Samstag, 20. Oktober 2007

100meterphyt




Der Götterbaum (Ailanthus altissima) ist Neophyt, d. h. eine Pflanze, die erst in der Neuzeit in Europa eingewandert ist. Der Götterbaum ist also Migrant und Kosmopolit.
Die ersten Pflanzen gelangten 1740 durch den Jesuiten Pierre D'Incarneville nach Paris. Sowohl die Verwendung als Zierpflanze als auch der Versuch, den Baum wirtschaftlich zu nutzen, trugen zu seiner Verbreitung bei. In Wien bemühte man sich, mit Hilfe dieses Baumes den Seidenspinner als Nutztier in Europa einzuführen und trug damit zu einer verwilderten Population in Wien bei. In Berlin wurde er bereits 1780 als Zierpflanze kultiviert.

Wild wachsende Götterbäume sind heute als spontane Populationen v. a. auf Brachflächen zu finden. Durch ihre rasche Ausbreitung und Widerstandsfähigkeit werden sie oft als "wertlos" betrachtet und als "Unkraut" bekämpft.
Wider dieser Geringschätzung des Migranten Götterbaums bildet der von dem Landschaftsarchitekturkollektiv kampolerta installierte Vorhang aus 100m Götterbaum einen einladenden, raumübergreifenden Eingang zum Kunstmarkt 2 Am Schöpfwerk vor der Bassena.
Während des Kunstmarktes wurden 100 BesucherInnen aufgefordert bewusst durch den Vorhang zu schreiten. Die nummerierten BesucherInnen wurden fotographisch festgehalten und sind im Video 100meterphyt zu sehen.
An die TeilnehmerInnen wurde ein Kunstwerk – ein Goldgerahmter Negativabdruck eines Götterbaumblattes – verlost.

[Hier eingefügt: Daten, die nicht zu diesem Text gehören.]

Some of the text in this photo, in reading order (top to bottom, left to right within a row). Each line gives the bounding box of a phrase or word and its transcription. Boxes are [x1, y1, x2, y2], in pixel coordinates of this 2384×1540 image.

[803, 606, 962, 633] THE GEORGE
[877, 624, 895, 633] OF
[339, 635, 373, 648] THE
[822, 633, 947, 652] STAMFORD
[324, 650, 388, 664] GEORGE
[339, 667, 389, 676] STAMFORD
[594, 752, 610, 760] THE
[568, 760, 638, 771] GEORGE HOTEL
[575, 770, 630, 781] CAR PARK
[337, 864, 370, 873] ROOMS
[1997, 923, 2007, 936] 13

100 meter Götterbaum am Kustmarkt 2







Kunstmarkt 2 Am Schöpfwerk
Die Großwohnanlage Am Schöpfwerk, wo der Kunstmarkt am Schöpfwerk stattfindet, wird von ca. 4.950 Menschen in 1.650 Gemeindewohnungen belebt. Die stark monostrukturelle Bevölkerung bezüglich Alter und Einkommen und das Faktum, dass mehr als 50% der BewohnerInnen einen Migrationshintergrund haben, verursachen zunehmende Tendenzen der Ausgrenzung und gesellschaftlichen Spaltung. Ein Umstand, an dem das Stadtteilzentrum Bassena am Schöpfwerk mittels Gemeinwesen- und Projektarbeit seit der Errichtung der Anlage in den 1970er-Jahren arbeitet.

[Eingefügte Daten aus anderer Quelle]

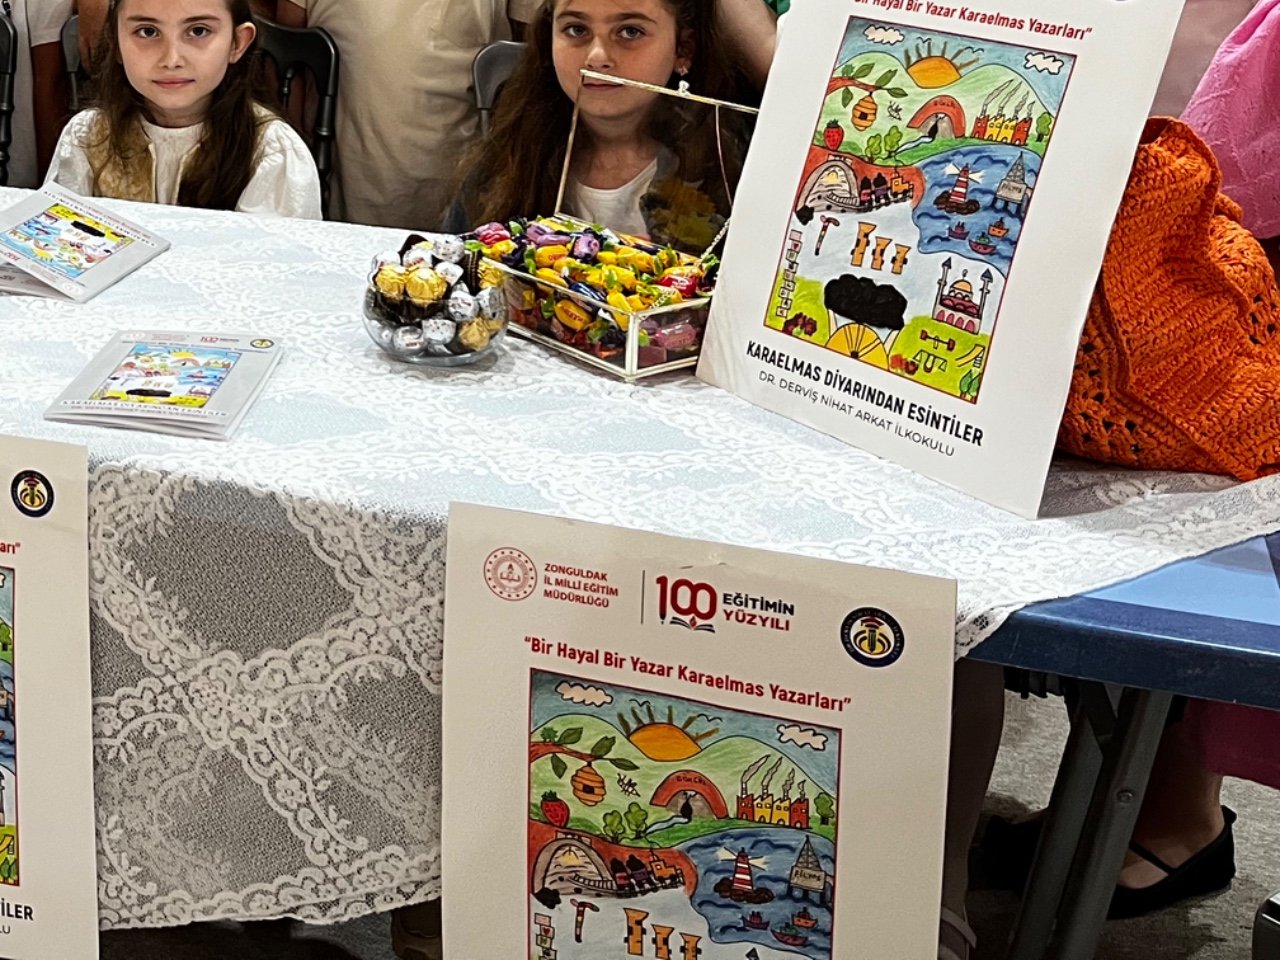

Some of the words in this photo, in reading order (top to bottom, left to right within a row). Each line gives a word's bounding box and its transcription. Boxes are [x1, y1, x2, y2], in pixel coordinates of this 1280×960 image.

[925, 1, 957, 18] Yazar
[958, 7, 1025, 29] Karaelmas
[746, 340, 821, 382] KARAELMAS
[824, 369, 905, 415] DİYARINDAN
[908, 402, 983, 447] ESİNTİLER
[758, 370, 776, 386] DR.
[779, 378, 818, 404] DERVİŞ
[820, 394, 854, 415] NİHAT
[855, 409, 893, 431] ARKAT
[895, 421, 955, 456] İLKOKULU
[543, 562, 608, 581] ZONGULDAK
[543, 575, 556, 586] İL
[558, 577, 581, 591] MİLLİ
[583, 579, 619, 596] EĞİTİM
[655, 576, 718, 621] 100
[543, 589, 609, 609] MÜDÜRLÜĞÜ
[722, 592, 795, 616] EĞİTİMİN
[722, 608, 790, 631] YÜZYILI
[557, 643, 599, 666] Hayal
[604, 652, 626, 669] Bir
[630, 656, 673, 677] Yazar
[677, 666, 764, 697] Karaelmas

Als eines ihrer Projekte organisiert die Bassena einen wöchentlichen Gratis-Bazar, von wo etwa Spielzeug, Geschirr oder Kleidung gratis mitgenommen werden können. Inspiriert von diesem Prinzip entstand 2006 der Kunstmarkt am Schöpfwerk, zu dem auch heuer wieder SchöpfwerkerInnen, KünstlerInnen und alle, die daran teilnehmen wollen, eingeladen sind, Kunstwerke zu spenden, um sie dann ebenfalls gratis weitergeben zu können.

Zusätzlich dazu wurden für den diesjährigen Kunstmarkt KünstlerInnen, AktivistInnen und Guides eingeladen, sich mit der Schöpfwerkanlage als solcher auseinanderzusetzen. Es entstanden partizipative Projekte von den anziehenden GirlsOnHorses, Mai Gogishvilli, Biggi Holzwarth, René H. und Reni Hofmüller; ein Musikschwerpunkt durch den social music kiosk Brandon La Belles und der queeren indie-pop Band Dominique aus Berlin; Führungen durch das Schöpfwerk mit dem Graffitiforscher Thomas Northoff und dem Schöpfwerker „Fremdenführer“ Ferry Rodinger, die ungeahnte Einblicke in die politische Lage am Schöpfwerk geben; ein entsprechend der BewohnerInnenanzahl in 4950 Stück aufgelegtes Multiple von ANRONVIAGDPIOVSA/2007 und eine Intervention der jüngst Furore gemacht habenden pflanz-guerilla-gruppe kampolerta. Die globalisierungskritische SambAttac-Bateria wird den Markttag um 14.00 eröffnen und u.a. an der Insel der KulturdrogistInnen am zentralen Marktplatz des Schöpfwerks vorbei protestieren. Und Anna Witt wird u.a. in der Bassena mit dem polizeilichen Kommando „Get down there!“ begrüßen.